While it is easier to treat confusing and contradictory symptoms than to ask why a patient is experiencing them, savvy doctors rely more on their patients’ collaboration to help them solve medical mysteries. Information, communication, and advocacy can build a bridge linking doctors and patients.
Traumatized by the Medical System
But, most often in healthcare, the gatekeepers – providers and payers – feel they know best. This overconfidence can quickly unravel in the face of the challenges of rare whack-a-mole diseases. Physicians trying to help feel helpless and grasp at straws when their initial diagnoses and treatments do not solve their patient’s problems. Over time, many patients are traumatized by a medical system that seeks to help, but is seen as fallible. As different solutions are sought, the system pays more and more for that same patient over time. The patient’s underlying illness remains unaddressed. No one wins.
This two-decade journey to arrive at my child’s diagnosis (Ehlers Danlos Syndrome) has taught me several lessons.
- TEAM: Any successes result from the passion of individuals —parents, physicians, payers or policymakers — who are determined to work together to find solutions and willing to listen.

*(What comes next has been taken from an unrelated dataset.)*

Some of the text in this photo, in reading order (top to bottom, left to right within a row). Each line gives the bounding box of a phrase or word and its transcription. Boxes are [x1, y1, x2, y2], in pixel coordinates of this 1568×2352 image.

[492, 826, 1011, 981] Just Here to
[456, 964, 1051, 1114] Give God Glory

- TECH: Good health information begins to force our fragmented health system to converge around the patient. When data is accessible, artificial intelligence finds needle-in-a-haystack solutions, uniting the myriad of like cases so that health professionals can learn, engage, and arrive at answers sooner. Physicians who also engage patients promptly through the EHR system are more than answering the questions of anxious patients; they demonstrate partnership in the care.
- TRUST: I have seen how critical advocacy is. As a health communicator, I have been fortunate to serve on the boards of organizations such as the American Academy of Pain Medicine Foundation, American Heart Association, Leukemia & Lymphoma Society, The Marfan Foundation and Let’s Win for Pancreatic Cancer, which unite healers and patients, and participate in the Centers for Medicare and Medicaid Part D Working Group: all great forums for accurate information that improve public health through informed decisions.

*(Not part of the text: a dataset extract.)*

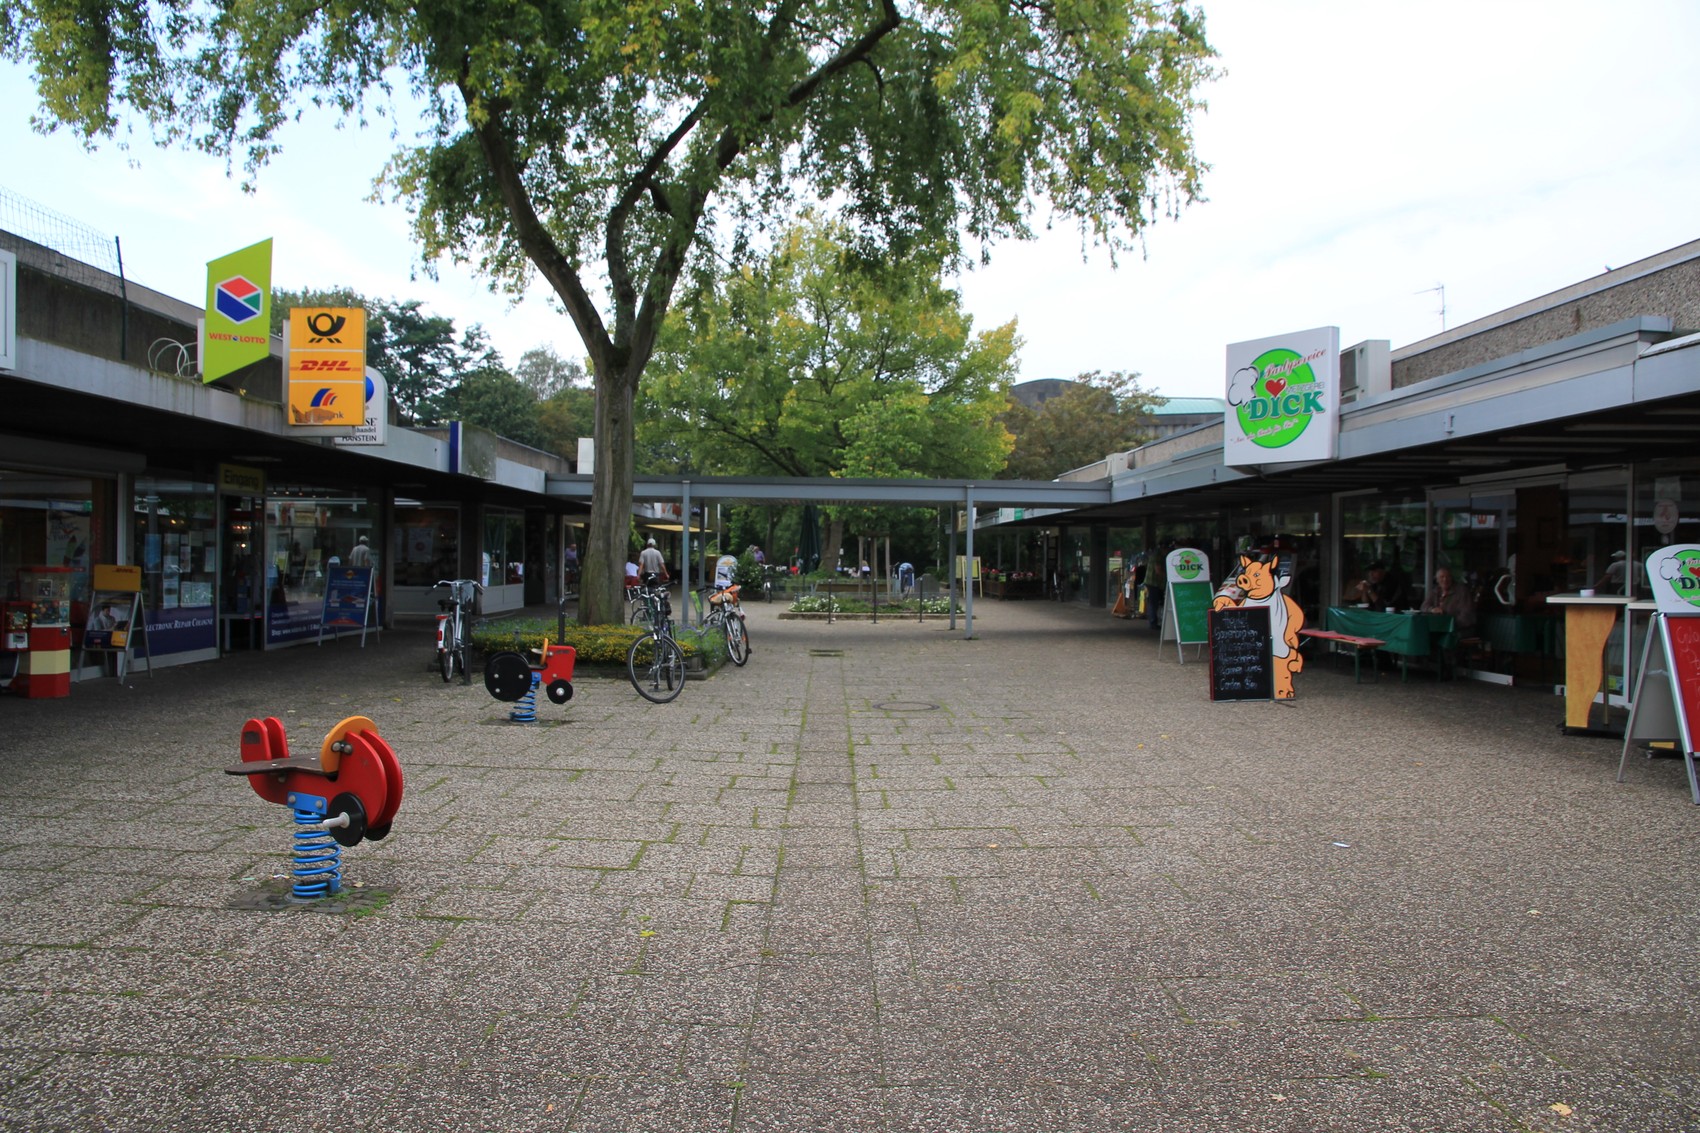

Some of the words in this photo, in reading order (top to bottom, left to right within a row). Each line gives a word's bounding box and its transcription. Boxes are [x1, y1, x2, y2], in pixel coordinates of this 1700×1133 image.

These lessons all point to passionate, informed collaboration as the key to restoring clarity and sanity to the fragmented health system and driving quality care for patients, whether they have common ailments or rare conditions. I integrate these lessons into my work to benefit clients and, most importantly, change the lives of the patients they serve.

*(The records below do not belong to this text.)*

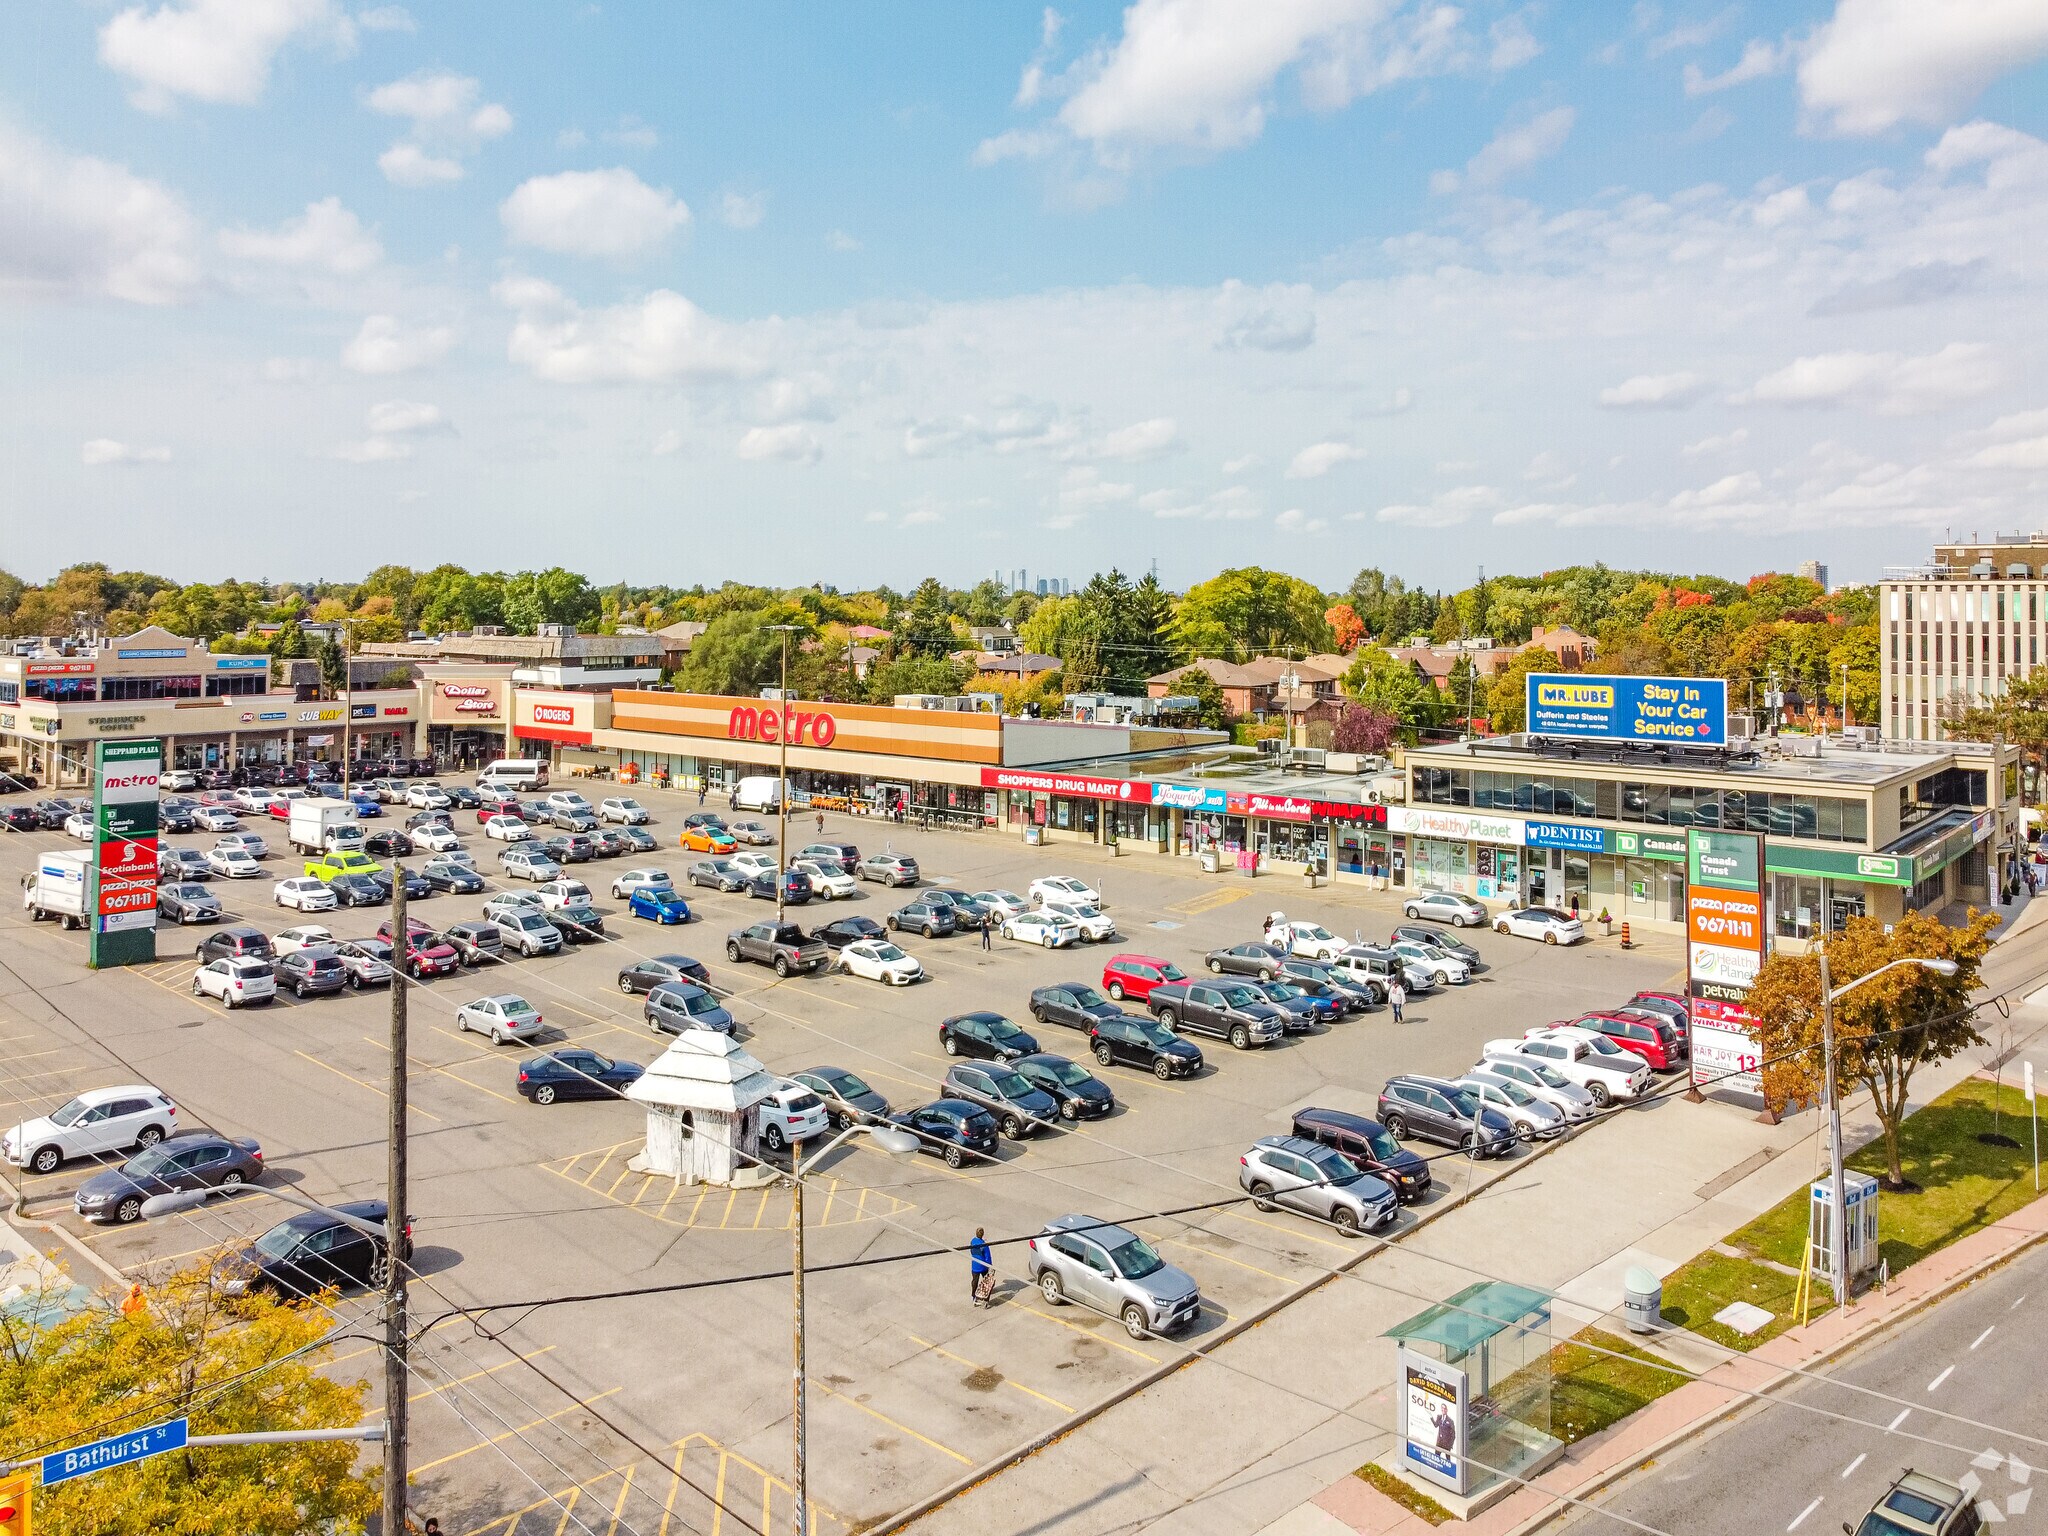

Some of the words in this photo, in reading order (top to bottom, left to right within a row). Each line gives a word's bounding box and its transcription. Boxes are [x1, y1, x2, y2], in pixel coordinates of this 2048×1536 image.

[444, 684, 489, 697] Dollar
[1543, 688, 1570, 702] MR.
[1574, 689, 1608, 704] LUBE
[1643, 684, 1680, 701] Stay
[1684, 686, 1700, 701] In
[456, 698, 496, 711] Store
[1637, 701, 1673, 718] Your
[1677, 704, 1708, 720] Car
[88, 716, 146, 724] STARBUCKS
[298, 709, 344, 721] SUBWAY
[543, 708, 571, 722] ROGERS
[1536, 710, 1564, 719] Dufferin
[728, 702, 836, 747] metro
[1634, 719, 1695, 737] Service
[104, 747, 138, 756] SHEPPARD
[139, 746, 159, 754] PLAZA
[105, 774, 158, 788] metro
[997, 773, 1054, 789] SHOPPERS
[1055, 779, 1085, 791] DRUG
[1086, 781, 1118, 795] MART
[1312, 801, 1387, 823] WIMPY'S
[109, 819, 135, 827] Canada
[1292, 826, 1307, 834] COPY
[1539, 825, 1603, 842] DENTIST
[1618, 836, 1636, 850] TD
[1643, 838, 1686, 852] Canada
[102, 862, 155, 874] Scotiabank
[1700, 854, 1738, 867] Canada
[1701, 864, 1729, 876] Trust
[101, 881, 128, 894] pizza
[129, 878, 156, 891] pizza
[1691, 897, 1723, 910] pizza
[1724, 901, 1758, 915] pizza
[1716, 951, 1759, 971] Healthy
[1692, 1017, 1737, 1032] WIMPY'S
[1693, 1045, 1713, 1058] HAIR
[1715, 1050, 1732, 1061] JOY
[1737, 1053, 1757, 1073] 13
[1411, 1394, 1436, 1412] SOLD
[65, 1434, 150, 1474] Bathurst
[156, 1427, 167, 1440] St

Our family’s lives were changed by one cardiologist who dared to utter a simple sentence: “You need a team.” Her idea to put one together should not have been so revelatory, nor so atypical, but it was. She understood collaboration fundamentally and saw patients and their caregivers as her partners in healing.
Collaboration – Overused Word; Underused Strategy
For those whose work touches patient care and public health, I encourage you to collaborate, talk, and merge your experiences with others. Remember, this work directly touches people’s lives. This work makes a difference. Give thought to how you can bond with others to change the course of care. Collaboration is an often-overused word but is too often underplayed as a behavior.
I call on my readers and colleagues to look to the innovators of ideas, products and relationships and recognize that through collaboration with each other, we have an opportunity to recast the health ecosystem. Recognize that our work is a life-saving effort about being part of people’s transformational moments. And be courageous enough to know when you don’t know. From there, we can begin the journey toward healing, together.